DEAR ABBY: My relationship with my motherin- law has been rocky for the nine years I’ve been married to her daughter. She has been very hurtful at times, saying things like, “You’re not welcome [in her house].” She has never accepted me.
She was recently unable to stay within the boundaries my wife and I set with her when she visited us. We had asked her to keep it light and just enjoy lunch together, but she started telling us my wife should apologize to her niece over a trivial misunderstanding. When I asked her to leave, she started crying and said, “I’m so disappointed that my firstborn married such an awful human being.” Advice? — DISRESPECTED IN RHODE ISLAND
DEAR DISRESPECTED: Clearly, you do not like your mother-in-law, and the feelings are mutual. She was wrong to cross the boundary by criticizing your wife during that lunch, but you may have overstepped by ordering her to leave. Depending upon how close a relationship your wife would like to have with her mother, some sessions with a licensed family therapist may be in order if the three of you are willing.
DEAR ABBY: When I was invited to see the birth of my great-grandchild, I said yes. I was told if my granddaughter didn’t give birth by the 14th of the month at the latest, the doctor would induce on that day. I forgot it could happen on any day. I went out of town on Friday the 11th, which is when my granddaughter called to let me know she was on her way to the hospital.
I missed the birth of my great-granddaughter! I know it’s my fault, and I am heartbroken because I can never get that back. Also, my granddaughter is no longer speaking to me. I’ve tried calling her, but she won’t answer. I feel so horribly sad, like I’ve made the mistake of a lifetime. Please advise. TRIPPED UP IN COLORADO
DEAR TRIPPED UP: While your absence at your great-grandchild’s birth was unfortunate, it is not the mistake of a lifetime. You are human, and human beings make mistakes. That your granddaughter won’t speak to you is regrettable, but hopefully she’ll mellow after she receives your large bouquet of flowers and abject letter of apology.
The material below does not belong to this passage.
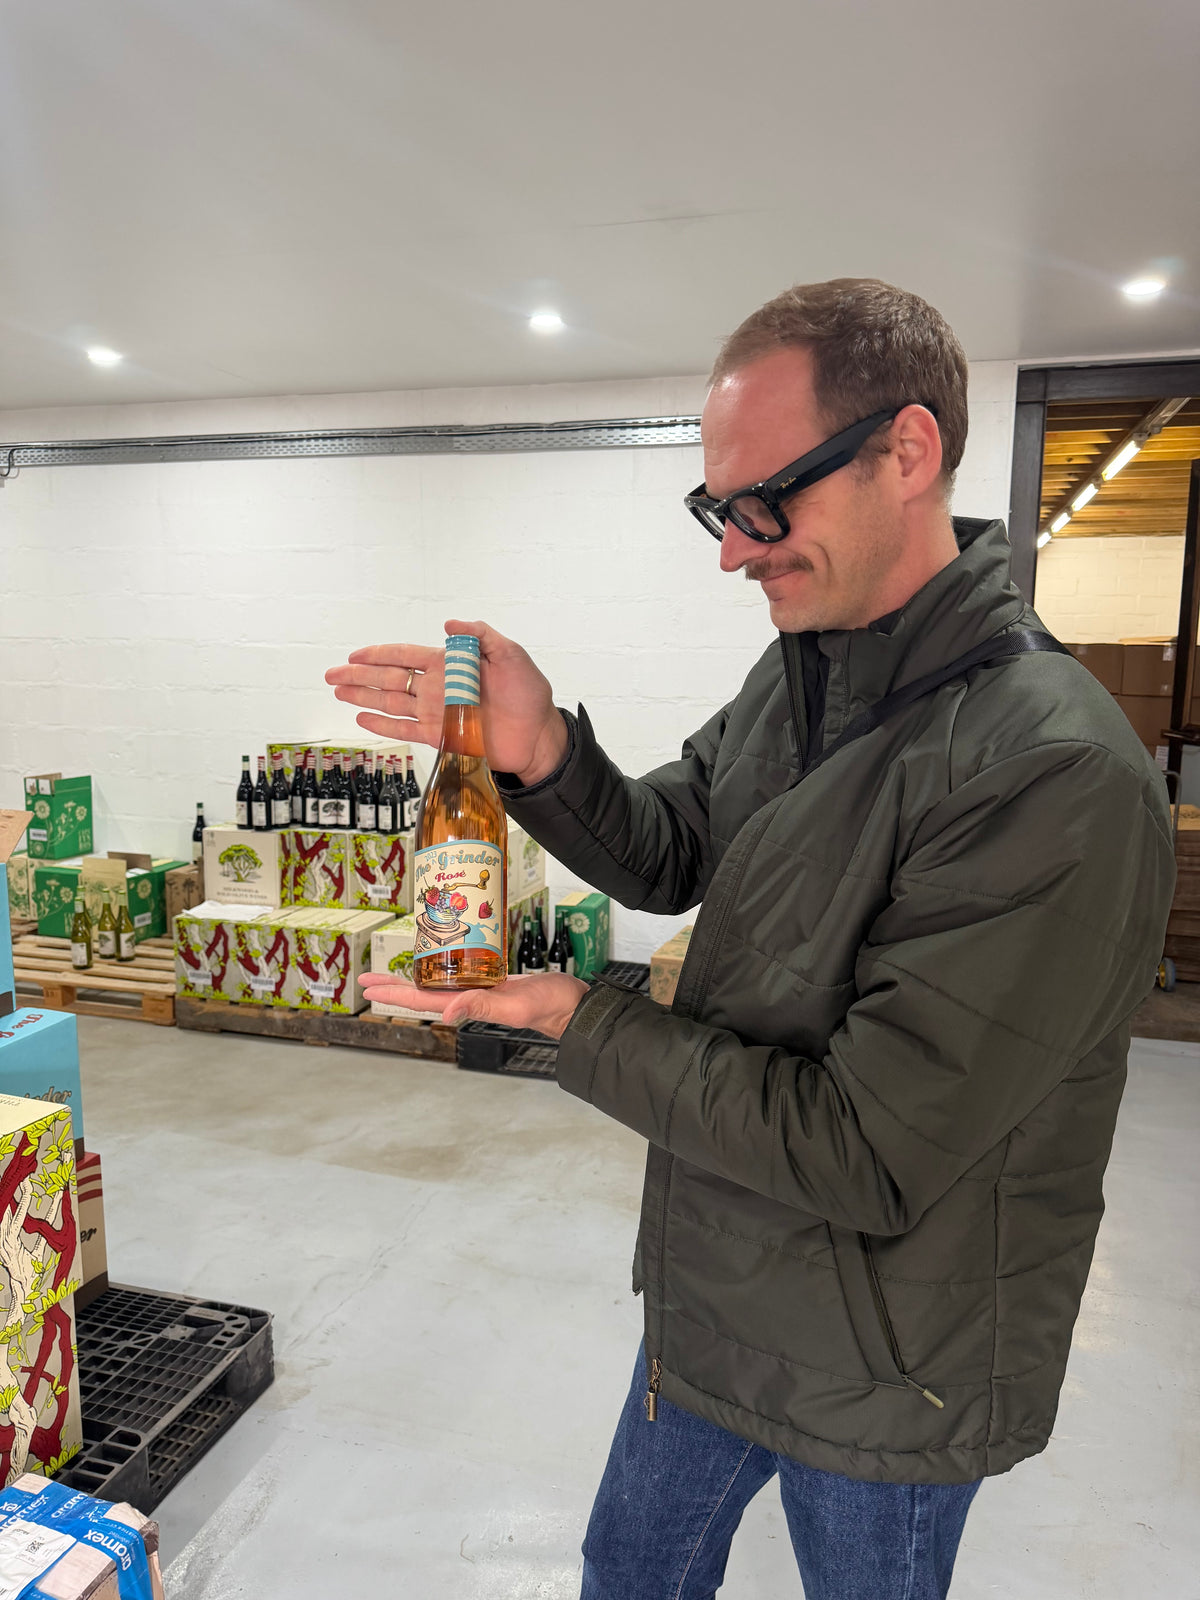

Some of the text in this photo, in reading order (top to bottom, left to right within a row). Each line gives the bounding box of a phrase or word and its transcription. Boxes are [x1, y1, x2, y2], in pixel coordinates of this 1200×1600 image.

[438, 850, 500, 870] Grinder
[435, 870, 466, 882] Rosé
[83, 1529, 132, 1571] aramex
DEAR ABBY: My son-in-law says I am lazy and antisocial because I use the drive-up grocery option. I told him that when I use the drive-up, I do less impulse buying and save time and money. Am I wrong? — INSULTED IN WISCONSIN
DEAR INSULTED: Of course you are not wrong. What you are doing works for you, and you shouldn’t be criticized for it. Ask yourself why your passive-aggressive son-in-law feels the need to put you down. Is there something else going on in your relationship with him … or in his head?
DEAR ABBY: I have a group of wonderful women friends I have known for decades. We get together monthly for dinner and drinks at a local restaurant. The location is generally left up to whoever has a birthday that month, and usually varies among three choices.
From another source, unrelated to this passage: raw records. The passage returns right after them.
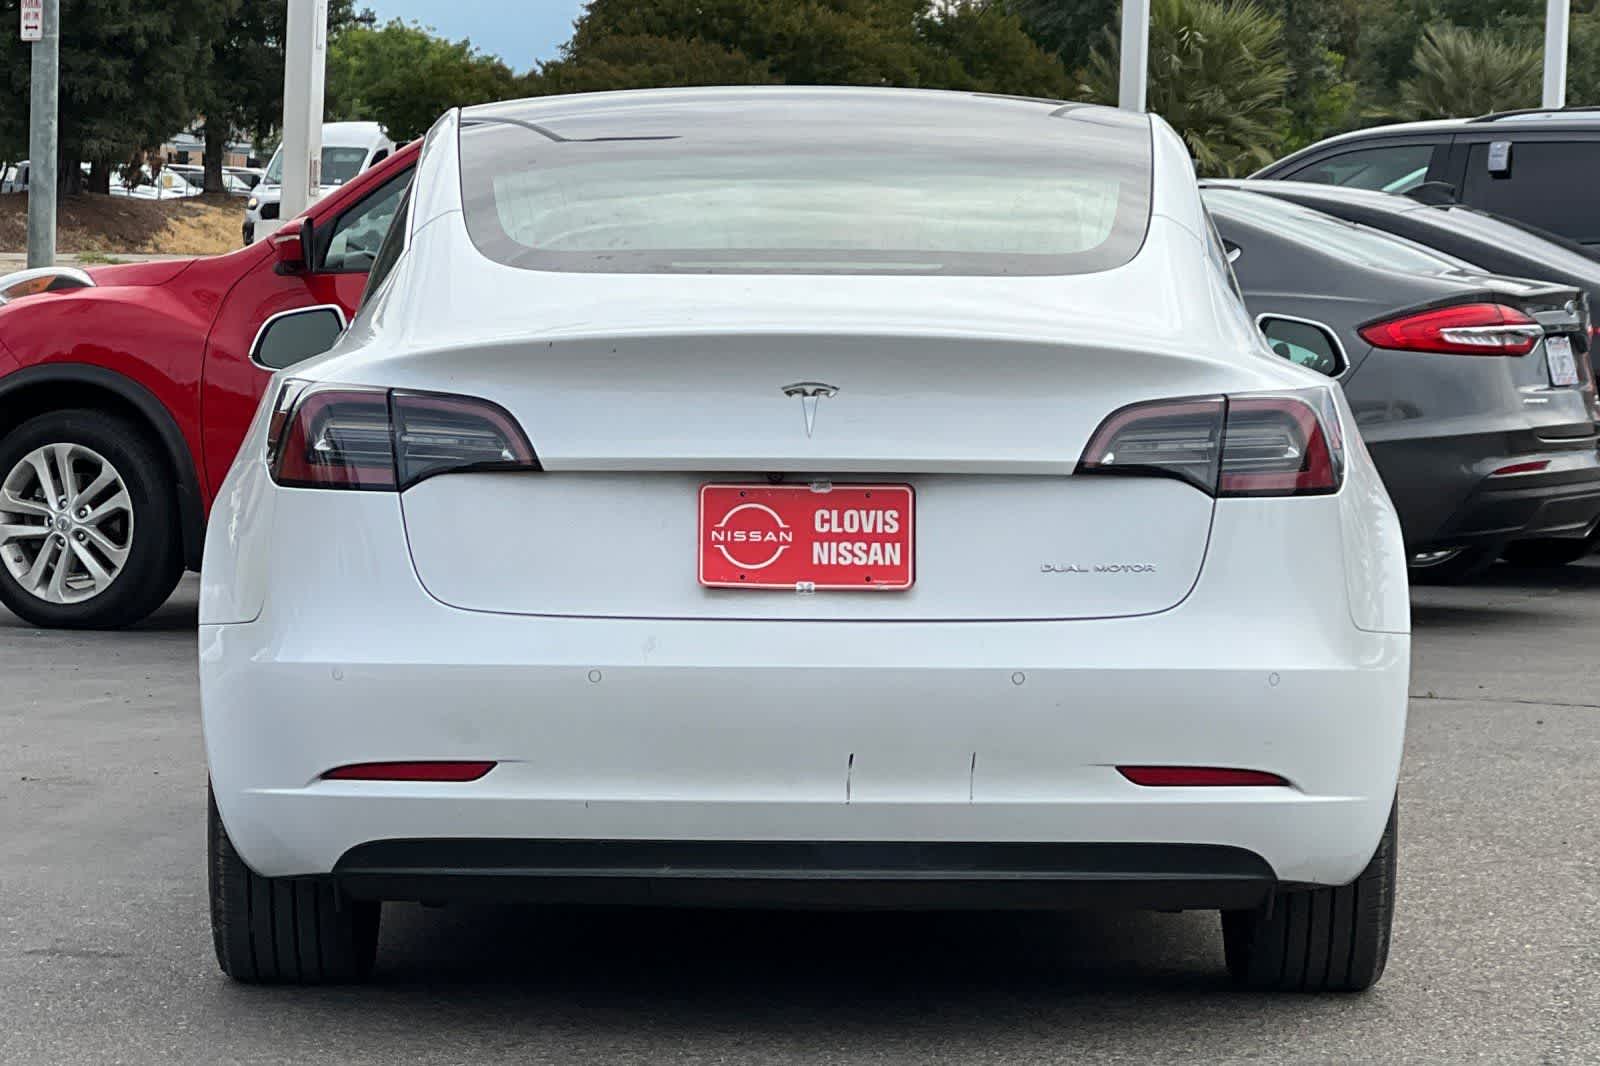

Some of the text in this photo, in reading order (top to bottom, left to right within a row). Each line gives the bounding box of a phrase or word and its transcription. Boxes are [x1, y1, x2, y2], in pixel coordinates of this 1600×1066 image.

[814, 509, 899, 534] CLOVIS
[711, 530, 793, 543] NISSAN
[812, 541, 901, 566] NISSAN
[1040, 563, 1156, 573] DUAL MOTOR
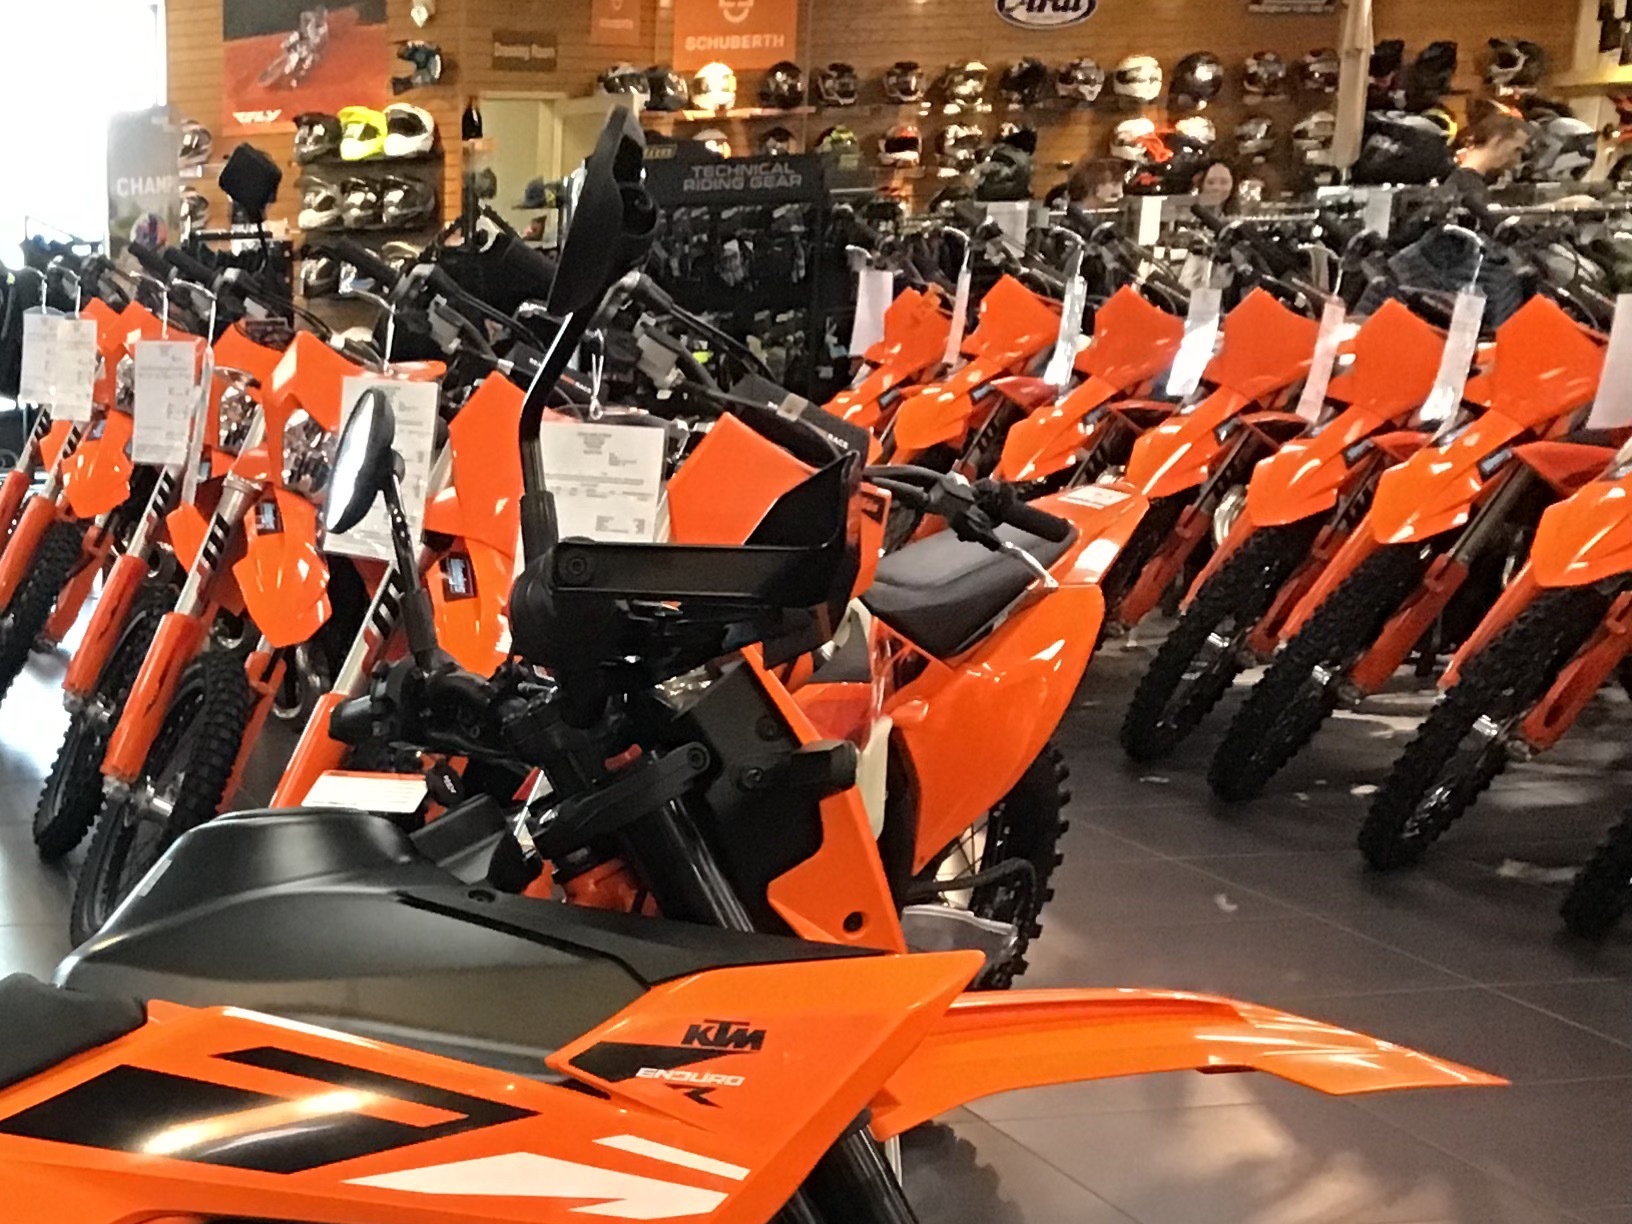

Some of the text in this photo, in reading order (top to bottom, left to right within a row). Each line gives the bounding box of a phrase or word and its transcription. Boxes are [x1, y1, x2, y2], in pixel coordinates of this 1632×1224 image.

[685, 34, 785, 51] SCHUBERTH
[691, 162, 796, 179] TECHNICAL
[682, 174, 802, 192] RIDING GEAR
[680, 1018, 767, 1051] KTM
[635, 1067, 746, 1086] ENDURO
Occasionally, I bow out if they choose a restaurant that caters to a local creep. This man, “Bob,” has never been charged with an offense, but I was one of his victims 20 years ago, weeks after my first husband’s death. Bob broke into my home and stole items from my husband’s office. I was there at the time, and he came into my bedroom while I was dressing. I screamed at him, and he responded that I hadn’t heard him knocking at the door and “he wanted to make sure I was all right.”
I have no ties to Bob, but my friends do. All of them are aware of his actions and reputation. So is the owner of his nightly hangout, but Bob is a jolly bar guy and buys drinks, so everyone (except me) is OK with it. I get PTSD at the thought of attending one of our dinners when this particular establishment is chosen, so I usually skip those nights.
A few of the women in my friend’s group have told me I need to just “get over it,” but I can’t. Any advice on how to handle this? — VICTIM IN WISCONSIN
DEAR VICTIM: I am sorry for what happened that day. Although Bob didn’t touch you, the terror was real. I do have a couple of suggestions regarding how to handle this. The first is to continue refusing to attend birthday celebrations that might expose you to the man who broke into your home. (Did you file a police report?) Also, think twice about how “wonderful” a woman friend is who would choose that restaurant for her party. If your PTSD continues, consider consulting a licensed mental health professional who specializes in it.